• What the task asks
From the line with "this 1920×1080 image." to the final line of the records, every line is to be duplicated exactly, both of those lines included.

• Stored data
BEGIN
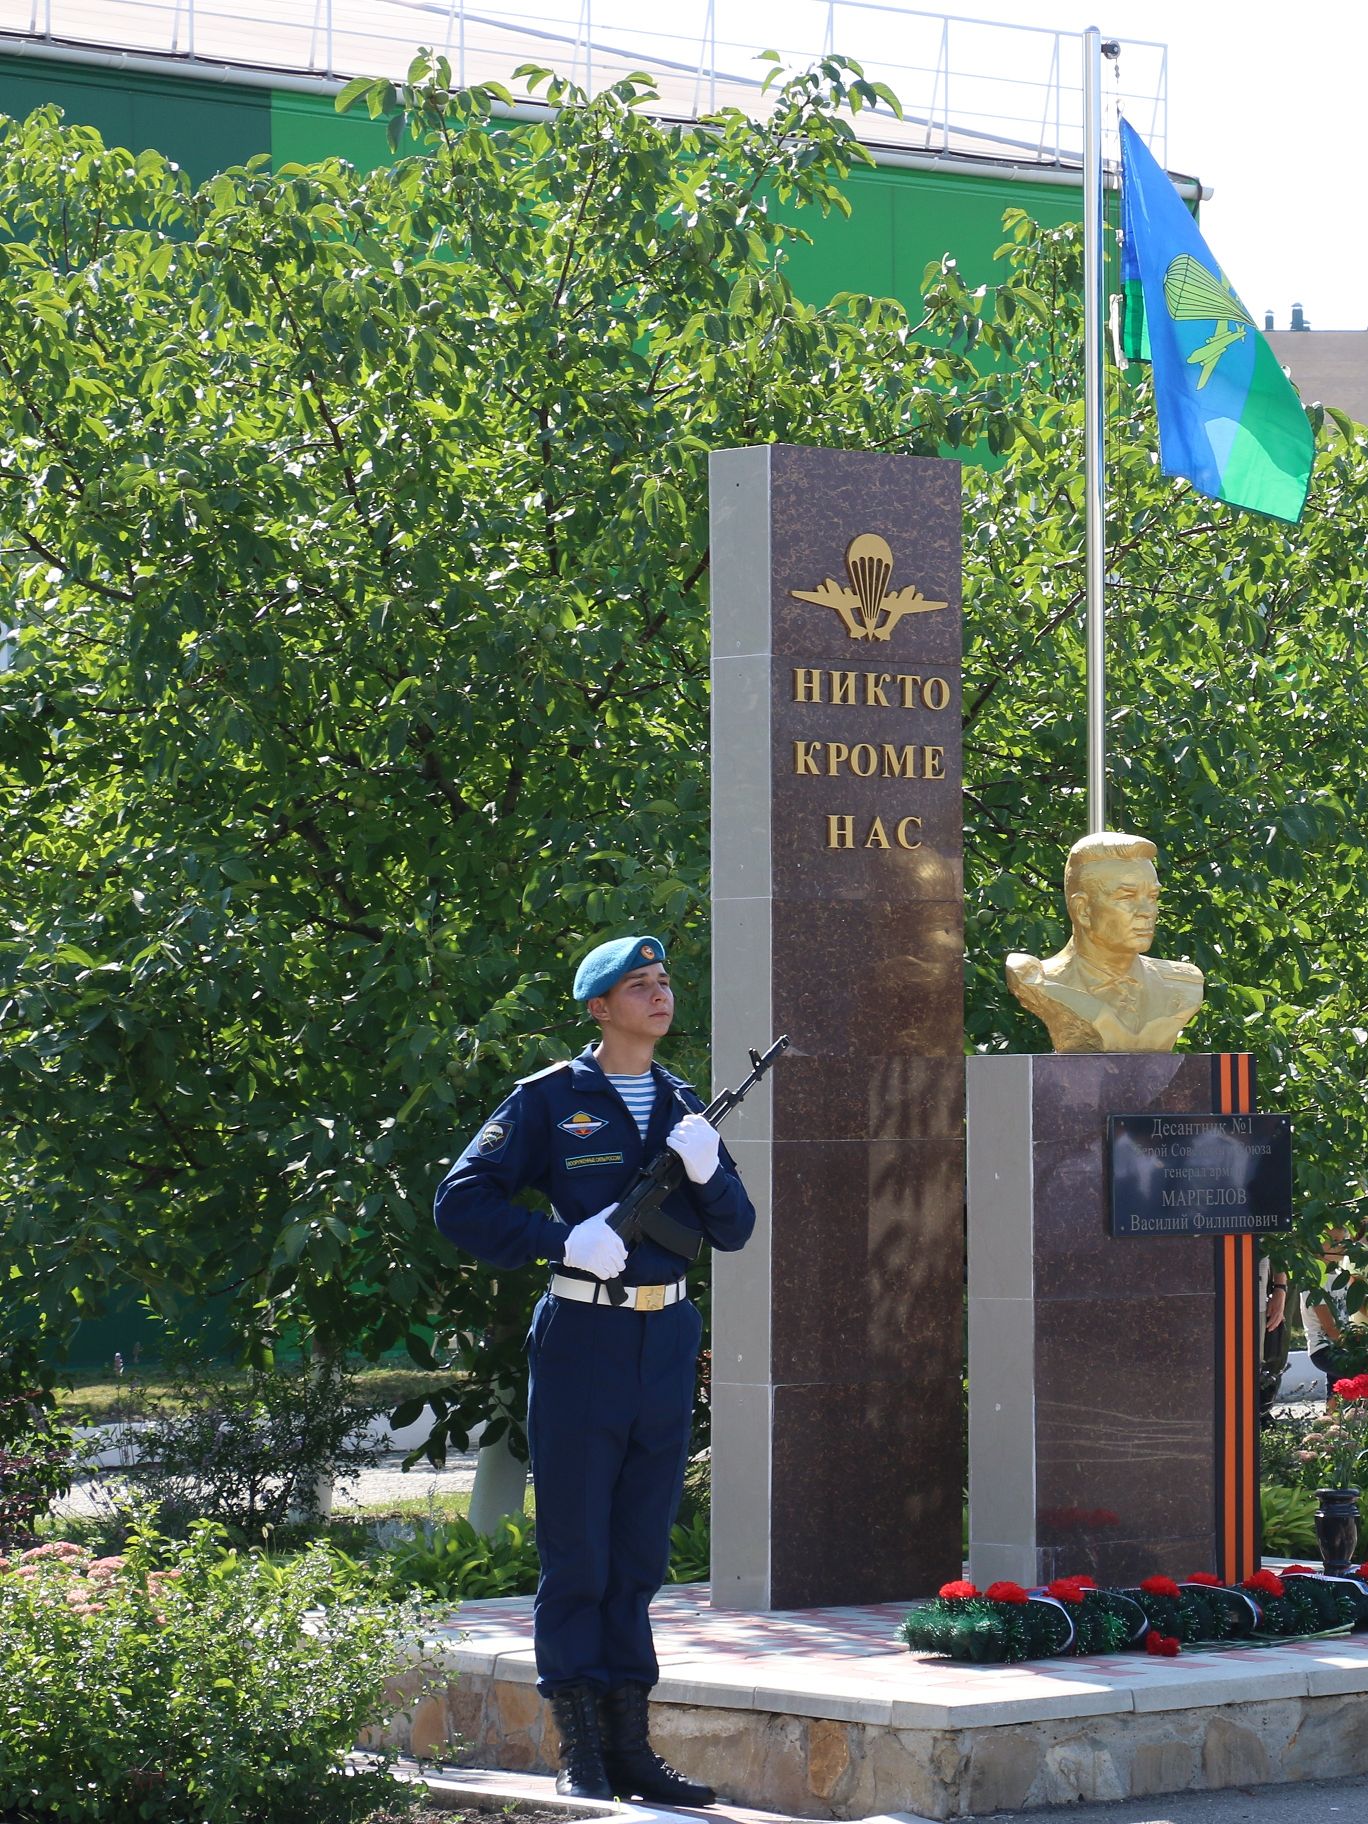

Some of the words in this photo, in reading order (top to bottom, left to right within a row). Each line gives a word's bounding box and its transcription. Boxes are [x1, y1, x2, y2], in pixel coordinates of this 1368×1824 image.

[793, 667, 951, 710] НИКТО
[794, 740, 946, 780] КРОМЕ
[826, 814, 922, 850] НАС
[1151, 1119, 1227, 1139] Десантник
[1231, 1117, 1253, 1135] №1
[1136, 1143, 1168, 1158] ерой
[1164, 1167, 1206, 1181] генерал
[1209, 1166, 1243, 1180] арм
[1162, 1188, 1247, 1207] МАРГЕЛОВ
[1131, 1214, 1188, 1231] Василий
[1193, 1213, 1278, 1230] Филиппович
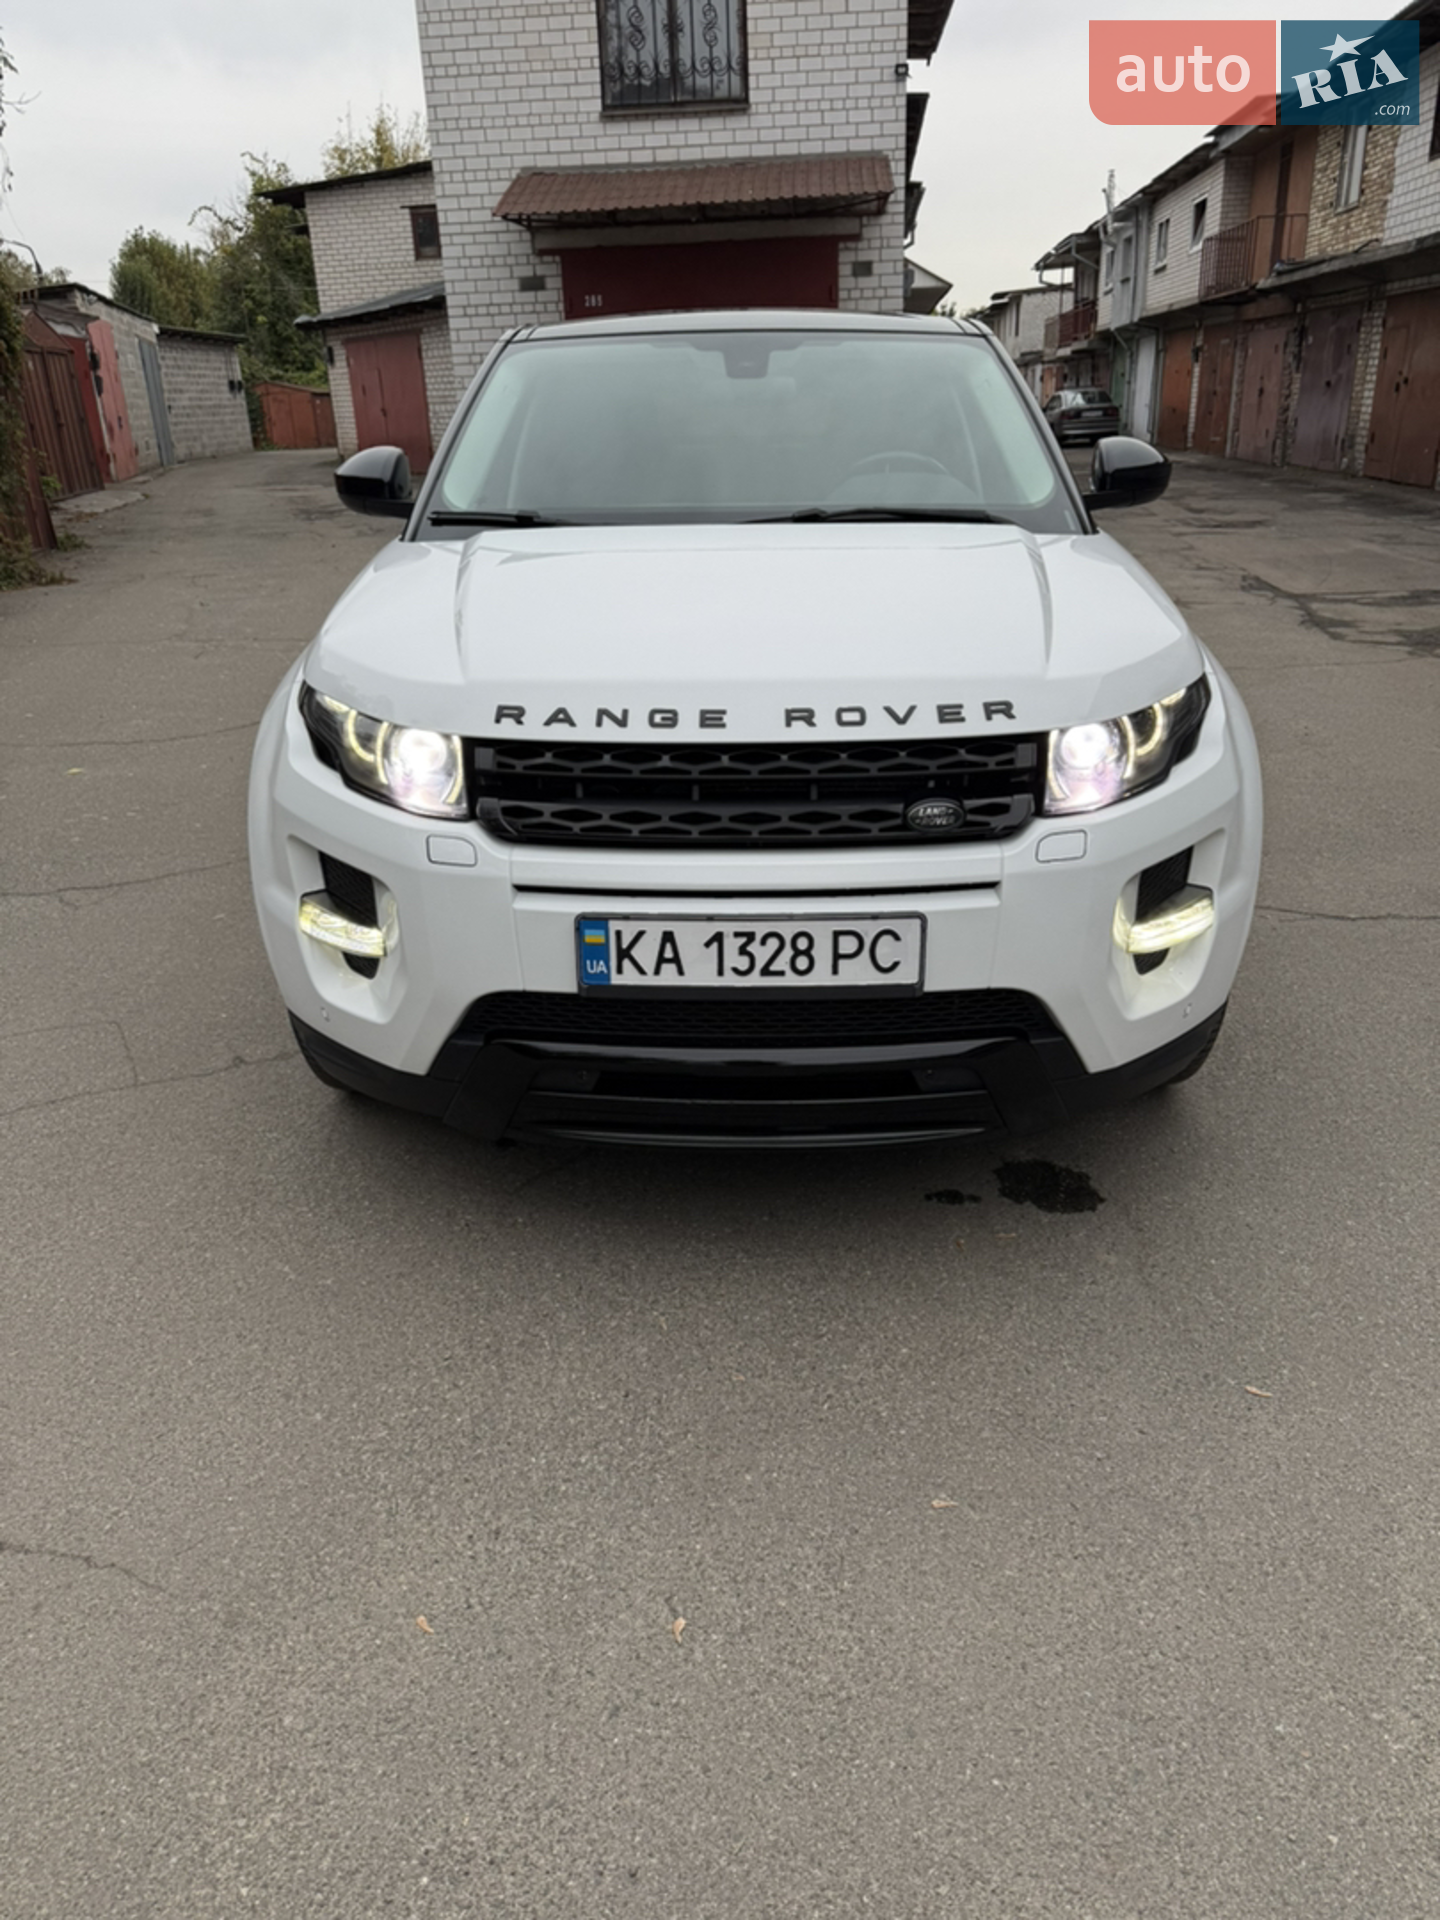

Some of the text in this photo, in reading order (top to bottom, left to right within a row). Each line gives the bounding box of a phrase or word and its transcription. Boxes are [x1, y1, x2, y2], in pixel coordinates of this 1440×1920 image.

[494, 700, 1017, 729] RANGE ROVER
[586, 959, 608, 974] UA
[614, 928, 902, 977] KA 1328 PC
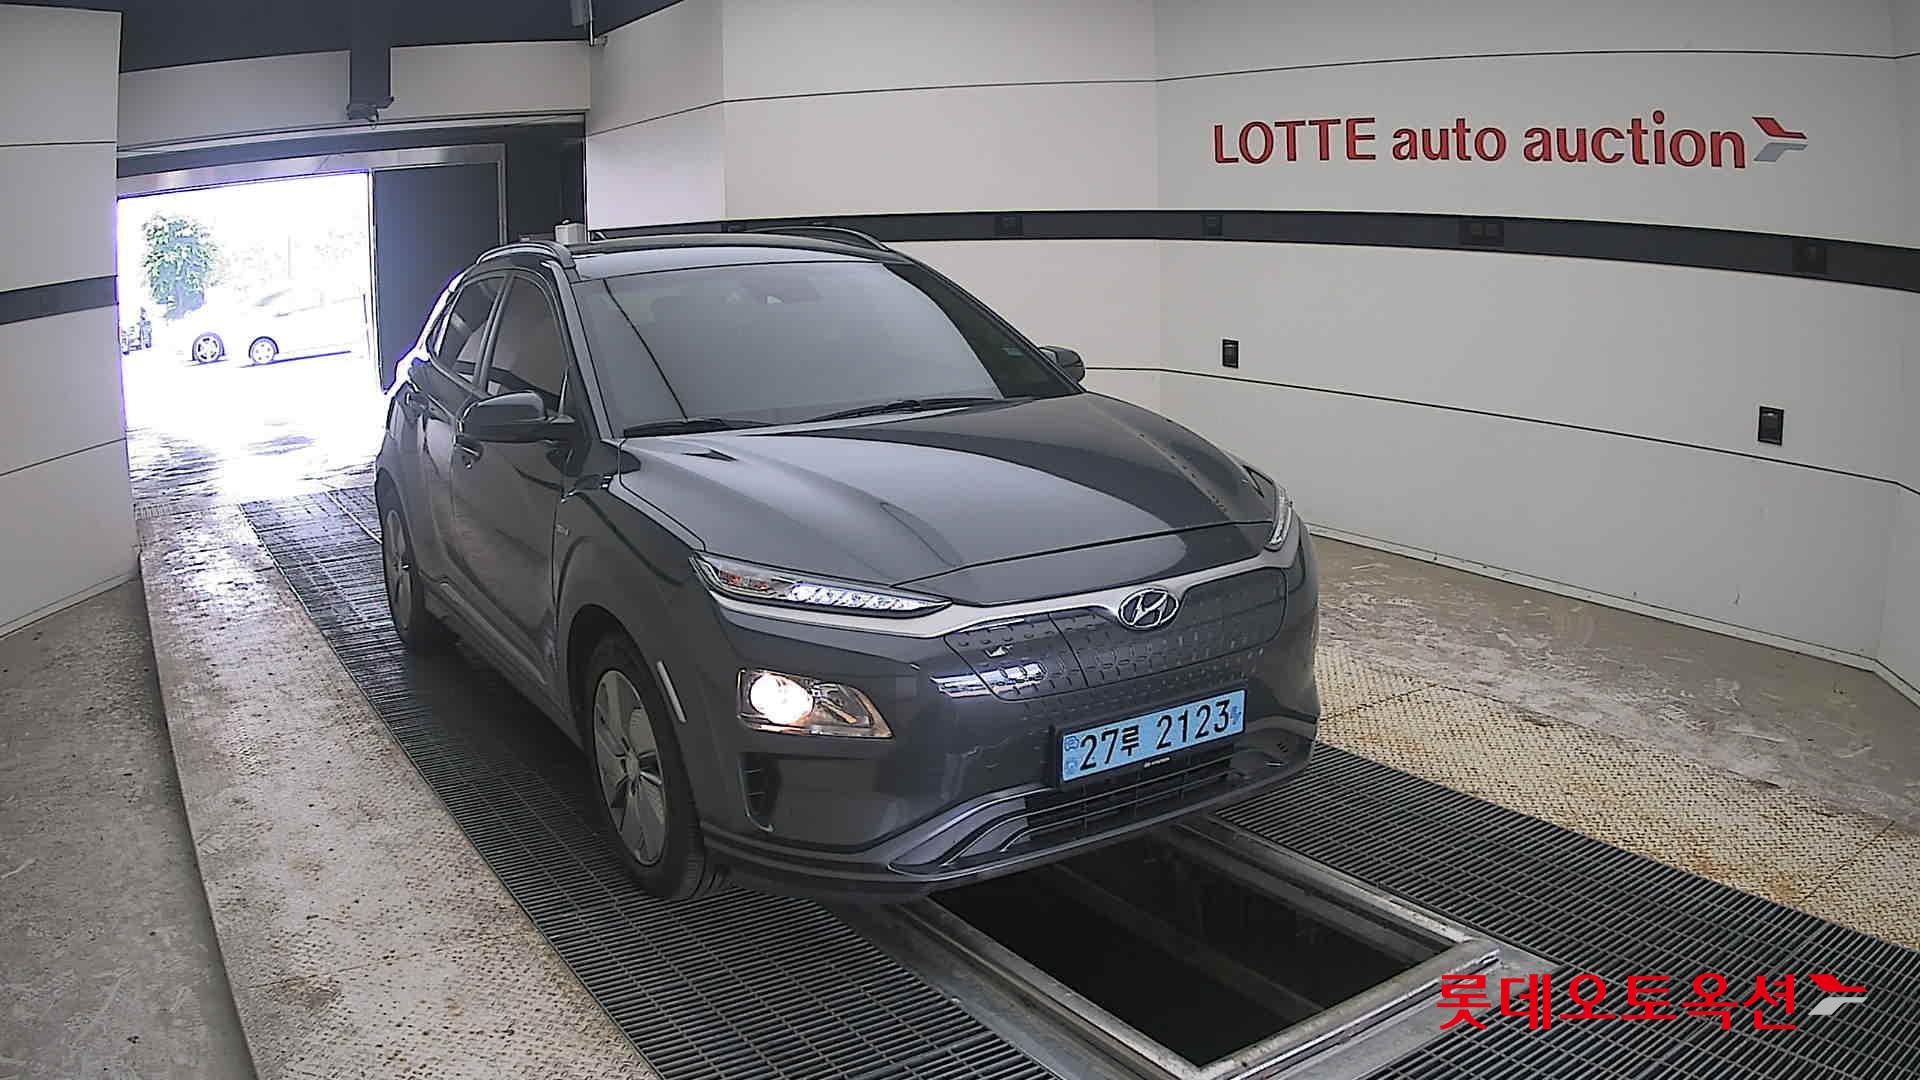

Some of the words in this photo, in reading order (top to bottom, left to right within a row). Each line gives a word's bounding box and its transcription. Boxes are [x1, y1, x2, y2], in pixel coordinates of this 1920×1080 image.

[1213, 117, 1377, 164] LOTTE
[1392, 118, 1508, 163] auto
[1523, 111, 1747, 169] auction
[1079, 724, 1140, 771] 27루
[1156, 699, 1231, 751] 2123
END
• Written solution
Some of the words in this photo, in reading order (top to bottom, left to right within a row). Each line gives a word's bounding box and its transcription. Boxes are [x1, y1, x2, y2], in pixel coordinates of this 1920×1080 image.

[1213, 117, 1377, 164] LOTTE
[1392, 118, 1508, 163] auto
[1523, 111, 1747, 169] auction
[1079, 724, 1140, 771] 27루
[1156, 699, 1231, 751] 2123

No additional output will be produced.